Er schluckte leise und sah auf seine Hose und dann auf mich und zog mich mit einem Lächeln näher. Das Beste, was ich je hatte? Er küsste mich sanft auf die Stirn und machte sich schließlich auf den Weg zur Auffahrt. ?Komm schon.? Nachdem er das Auto angehalten hatte, ergriff er meine Hand und zog mich heraus. Wir gingen hinein und wir saßen beide ein paar Minuten auf der Couch und wussten nicht, was wir sagen sollten.
Wir müssen reden, Emma. Er drehte sich zu mir um und seufzte. Was ist letzte Nacht in deinem Haus passiert? Es war toll. Aber du kannst es niemandem sagen. Niemand. Kein Geist, wenn du es tust, könnte ich in große Schwierigkeiten geraten und ins Gefängnis gehen?
Ich weiß, ich werde es niemandem erzählen. Ich lächelte. Selbst mein bester Freund wird es nicht wissen.
Er lächelte und bückte sich und nahm mich auf seinen Schoß. ?Gut. Lass uns jetzt etwas Spaß haben. Er stand auf und trug mich nach oben ins Schlafzimmer.
Was er sagte, war wahr. Er hatte alles für mich vorbereitet. Dort, an den Bettpfosten, hatte ich Handschellen für jede meiner Hände und jedes meiner Beine. Er setzte mich ab und schloss die Tür mit einem Lächeln. Wir? Er fing an, sich auszuziehen.
?Was für ein Rollenspiel?? fragte ich und begann langsam, mein Oberteil aufzuknöpfen, um meine gut entwickelten 36C-Brüste zu enthüllen, die von meinem weißen Baumwoll-BH bedeckt waren.
Ich möchte, dass du mein Sklave bist.
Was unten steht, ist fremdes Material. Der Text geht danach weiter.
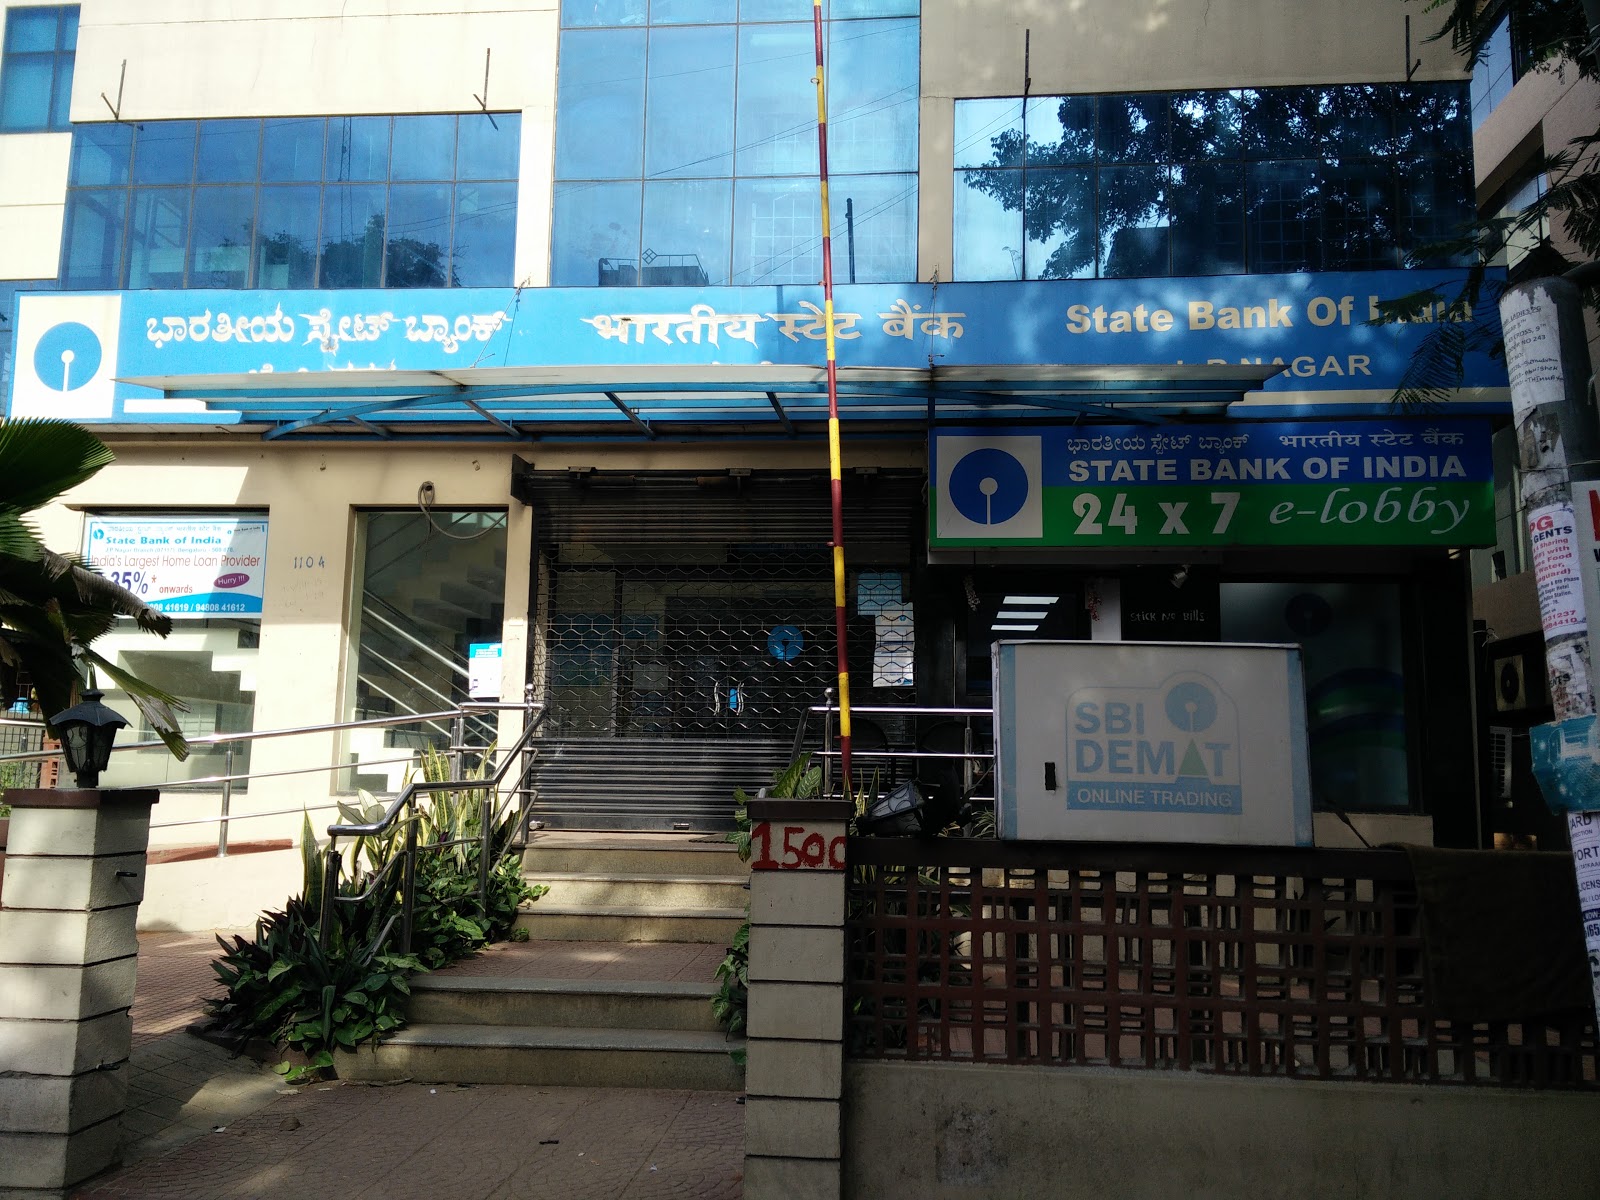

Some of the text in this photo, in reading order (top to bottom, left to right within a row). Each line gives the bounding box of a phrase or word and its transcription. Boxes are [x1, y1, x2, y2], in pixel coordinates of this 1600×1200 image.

[580, 298, 966, 349] भारतीय स्टेट बैंक
[1066, 304, 1174, 334] State
[1188, 299, 1293, 331] Bank
[1307, 296, 1354, 327] Of
[147, 302, 512, 356] ಭಾರತೀಯ ಸ್ಟೇಟ್ ಬ್ಯಾಂಕ್
[1067, 433, 1250, 455] ಭಾರತೀಯ ಸ್ಟೇಟ್ ಬ್ಯಾಂಕ್
[1279, 427, 1465, 448] भारतीय स्टेट बैंक
[1068, 455, 1467, 482] STATE BANK OF INDIA
[1071, 492, 1139, 535] 24
[1210, 491, 1241, 535] 7
[1269, 486, 1470, 535] e-lobby
[105, 536, 222, 545] State Bank of India
[1533, 525, 1573, 544] GENTS
[1547, 546, 1570, 554] with
[1547, 552, 1573, 562] Food
[91, 554, 261, 569] India's Largest Home Loan Provider
[159, 585, 193, 594] onwards
[217, 576, 236, 586] Hurry
[164, 603, 189, 612] 41619
[195, 603, 219, 612] 94808
[221, 603, 245, 612] 41612
[1543, 609, 1577, 625] 131237
[1075, 702, 1145, 735] SBI
[1076, 738, 1232, 776] DEMAT
[1077, 788, 1233, 807] ONLINE TRADING
[1570, 814, 1592, 828] ARD
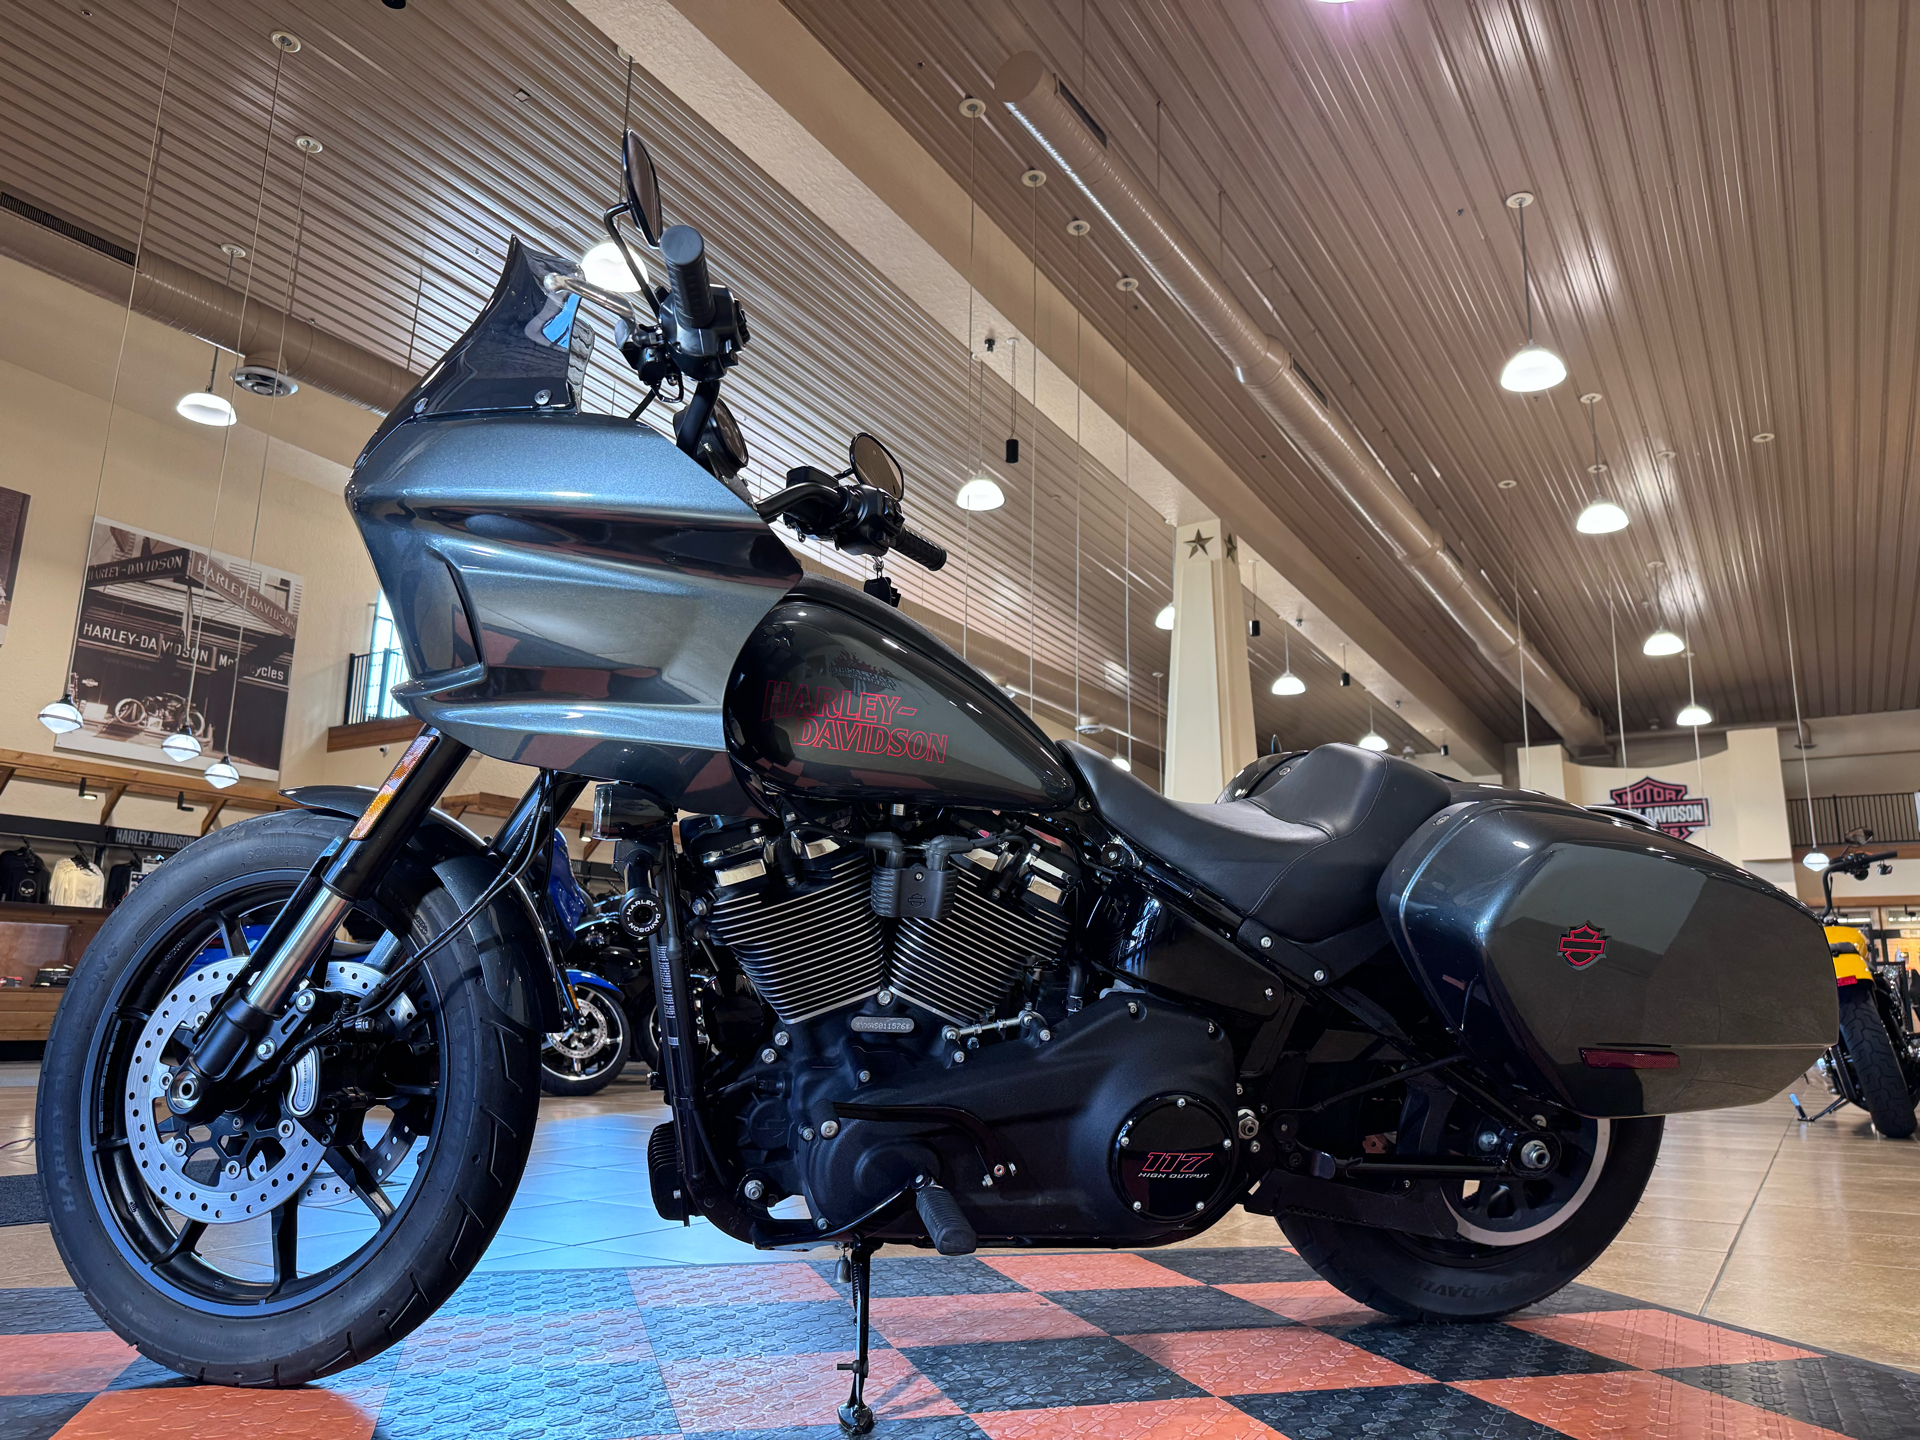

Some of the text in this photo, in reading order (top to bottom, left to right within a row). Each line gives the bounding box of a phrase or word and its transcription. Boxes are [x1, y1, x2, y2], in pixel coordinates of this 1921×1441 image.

[88, 555, 184, 581] HARLEY-DAVIDSON
[197, 560, 297, 630] HARLEY-DAVIDSON
[83, 622, 209, 663] HARLEY-DAVIDSON
[793, 716, 948, 763] DAVIDSON
[1621, 784, 1677, 804] MOTOR
[115, 829, 195, 849] HARLEY-DAVIDSON
[1141, 1151, 1214, 1173] 117
Nenn mich jedes Mal Meister, wenn du mit mir sprichst. Verstehen??
?Ja,? Er warf mir einen komischen Blick zu und ich war fertig. ?Experte.? Ich öffnete meinen Minirock und zog ihn herunter, während ich spürte, wie mein Körper vor Aufregung zu kribbeln begann. Zitternd ging ich zum Bett und konnte das Wasser um meine Schamlippen spüren, als ich nur in meiner Unterwäsche am Spielfeldrand saß.
Er zog sich bis auf seinen Geburtstagsanzug aus und kam auf mich zu. Zieh dich komplett aus. er bestellte. Ich zögerte ein wenig, merkte aber, dass ich mich dumm anstellte, wenn man bedenkt, dass Sie mich bereits nackt gesehen hatten. Ich zog mich komplett aus und setzte mich auf die Bettkante. Steh auf und leg dich hin und spreiz deine Beine weit.
J-ja, Meister. Ich krabbelte auf das Bett hinaus und streckte mich mit gespreizten Beinen auf meinem nicht sehr breiten Bett aus. Ich wollte ihm gegenüber nicht so offen sein, aber er wollte mehr Platz. Er streckte die Hand aus, packte mein linkes Handgelenk, trug es zum anderen Ende des Bettes und fesselte es dort mit Handschellen, dann tat er dasselbe mit meiner rechten Seite. Ich spürte, wie sich meine Schamlippen weit spreizten und ließ ihm meine Fotze offen. Er kam auf mich zu und nahm meine Hände und fesselte sie mit Handschellen an das Kopfteil und zog sie auseinander.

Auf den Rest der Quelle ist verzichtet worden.